→ ABOUT THIS EXERCISE: Output the line with "this 2048×1536 image." and every line below it until the listing ends, exactly as written and with nothing added.

[DATA IN THIS EXERCISE]

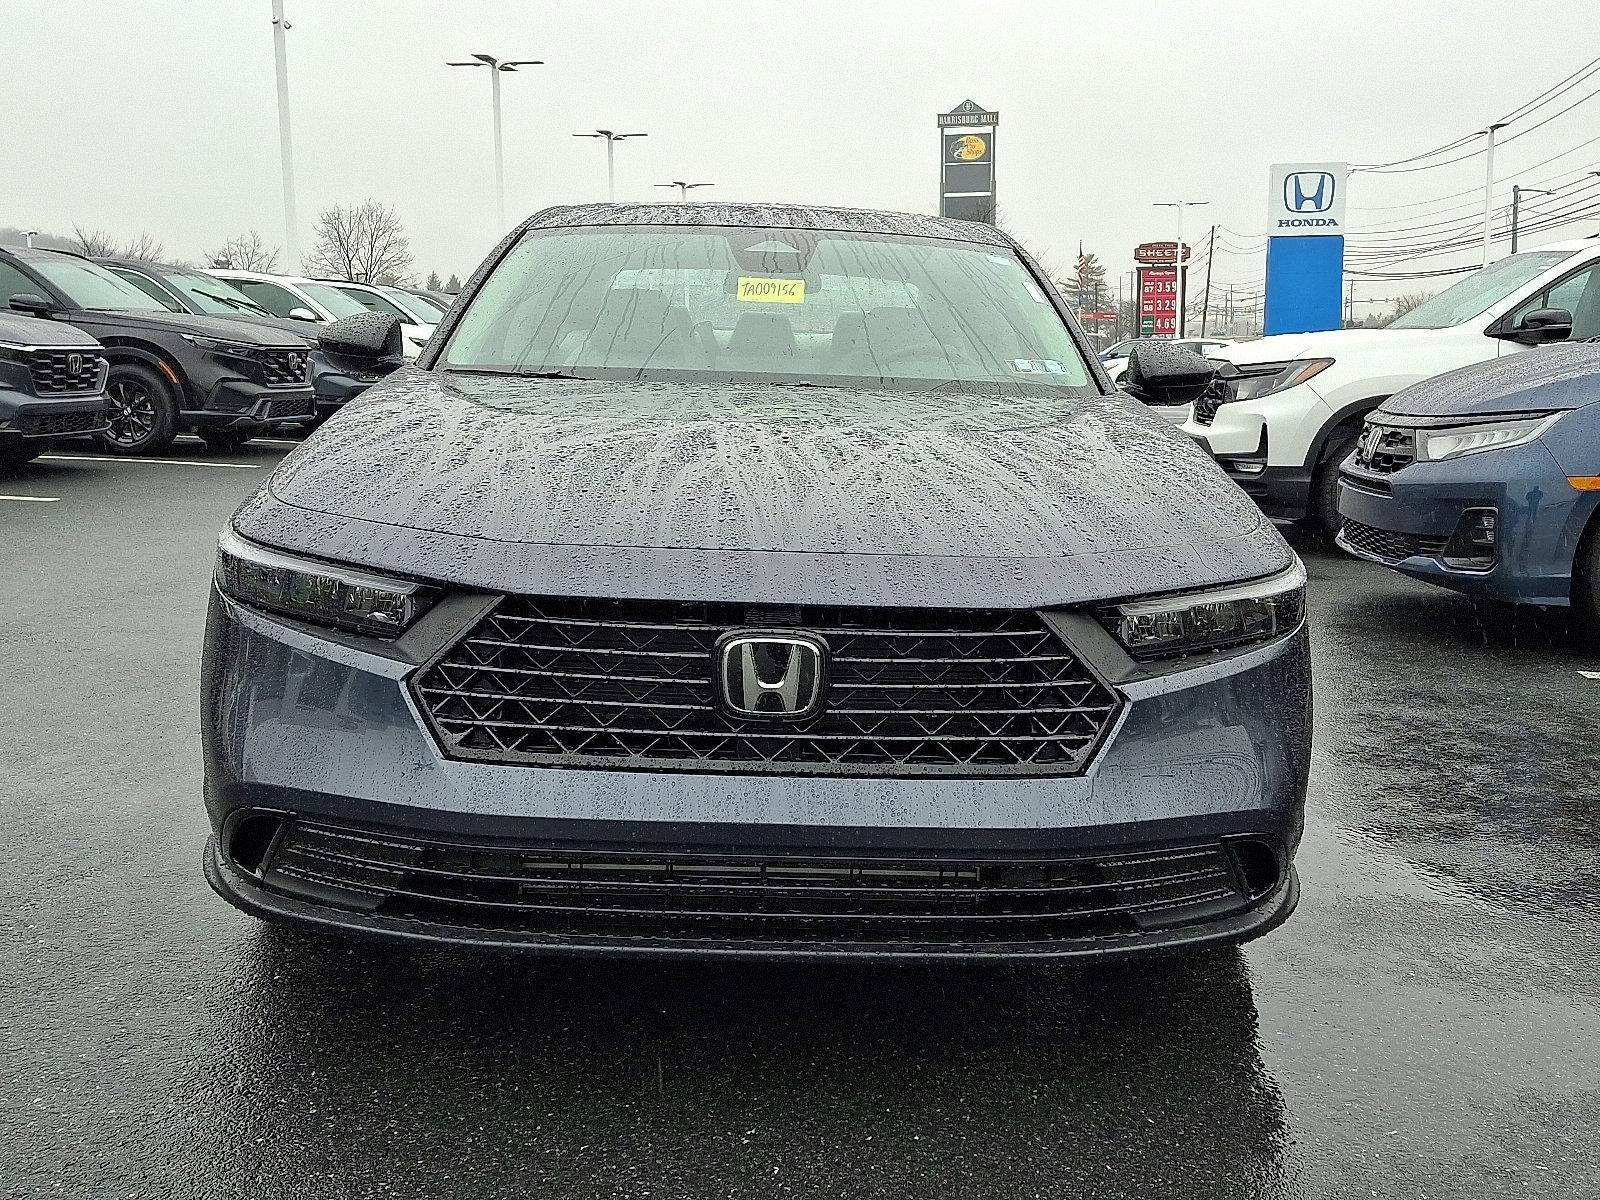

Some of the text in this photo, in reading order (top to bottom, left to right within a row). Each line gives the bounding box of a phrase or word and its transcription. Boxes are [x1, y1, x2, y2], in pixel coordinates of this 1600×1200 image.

[939, 114, 997, 124] HARRISBURG MALL
[1278, 218, 1339, 227] HONDA
[741, 282, 797, 297] TA009156
[1156, 281, 1176, 292] 3.59
[1156, 299, 1175, 310] 3.29
[1155, 318, 1175, 329] 4.69
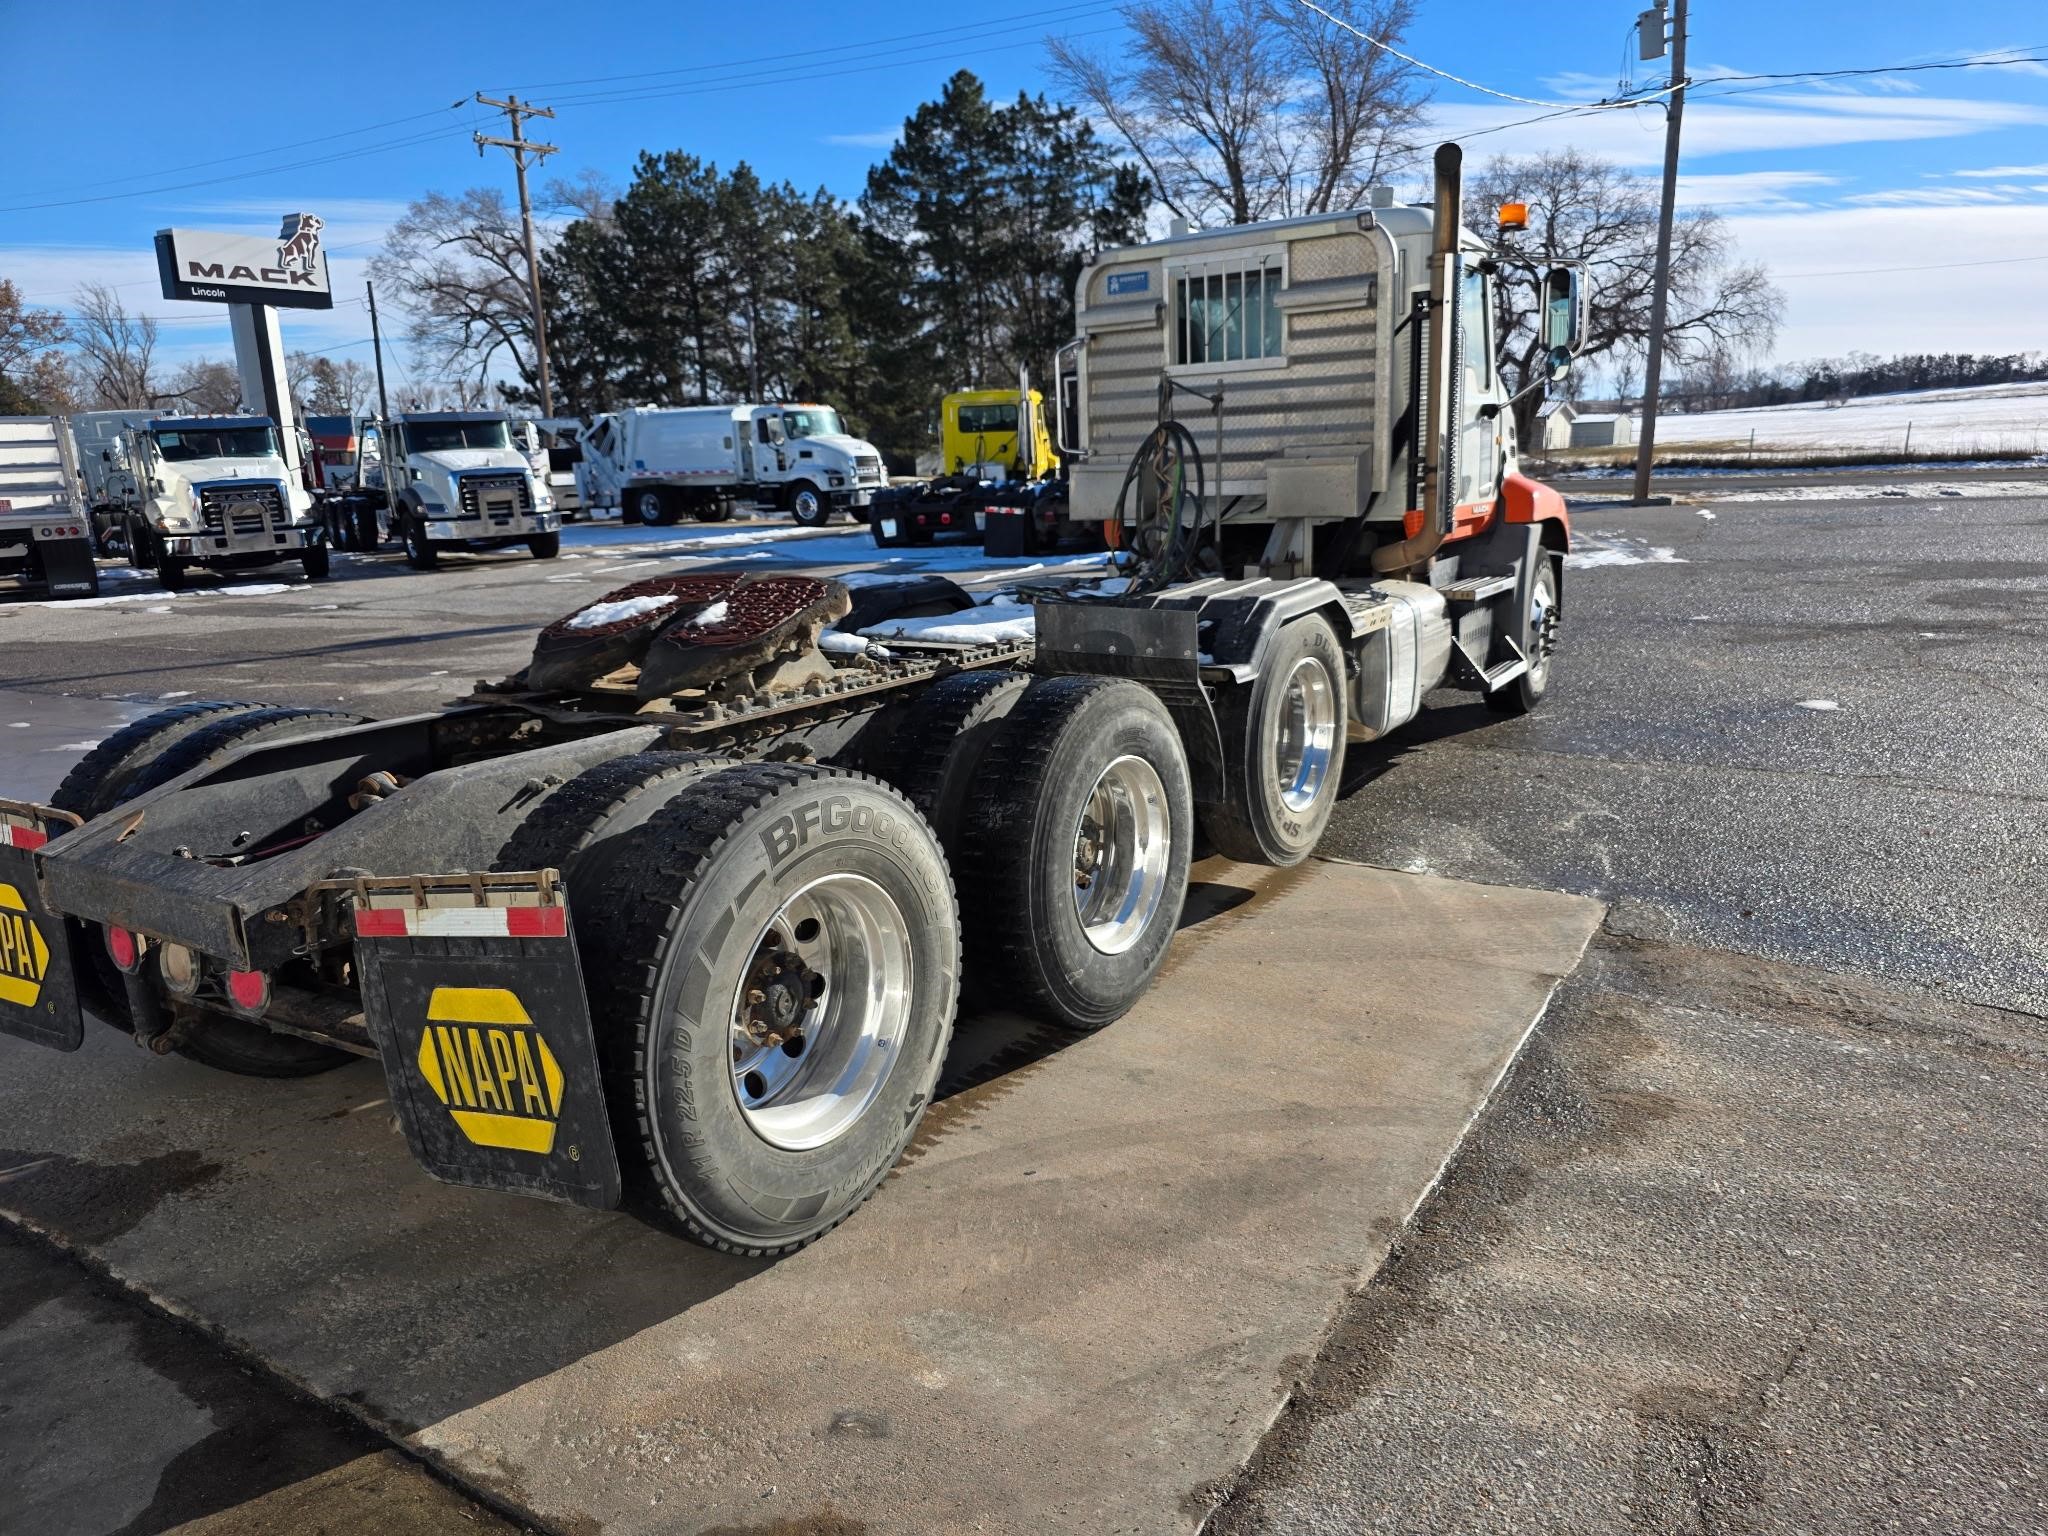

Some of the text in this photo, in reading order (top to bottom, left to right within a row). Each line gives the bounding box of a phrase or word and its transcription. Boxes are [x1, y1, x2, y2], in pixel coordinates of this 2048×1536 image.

[189, 261, 318, 286] MACK
[191, 287, 226, 298] Lincoln
[0, 912, 36, 979] PA
[437, 1026, 548, 1116] NAPA
[671, 1055, 698, 1121] 22.5

[/DATA IN THIS EXERCISE]

→ REPLY TO THE TASK:
Some of the text in this photo, in reading order (top to bottom, left to right within a row). Each line gives the bounding box of a phrase or word and its transcription. Boxes are [x1, y1, x2, y2], in pixel coordinates of this 2048×1536 image.

[189, 261, 318, 286] MACK
[191, 287, 226, 298] Lincoln
[0, 912, 36, 979] PA
[437, 1026, 548, 1116] NAPA
[671, 1055, 698, 1121] 22.5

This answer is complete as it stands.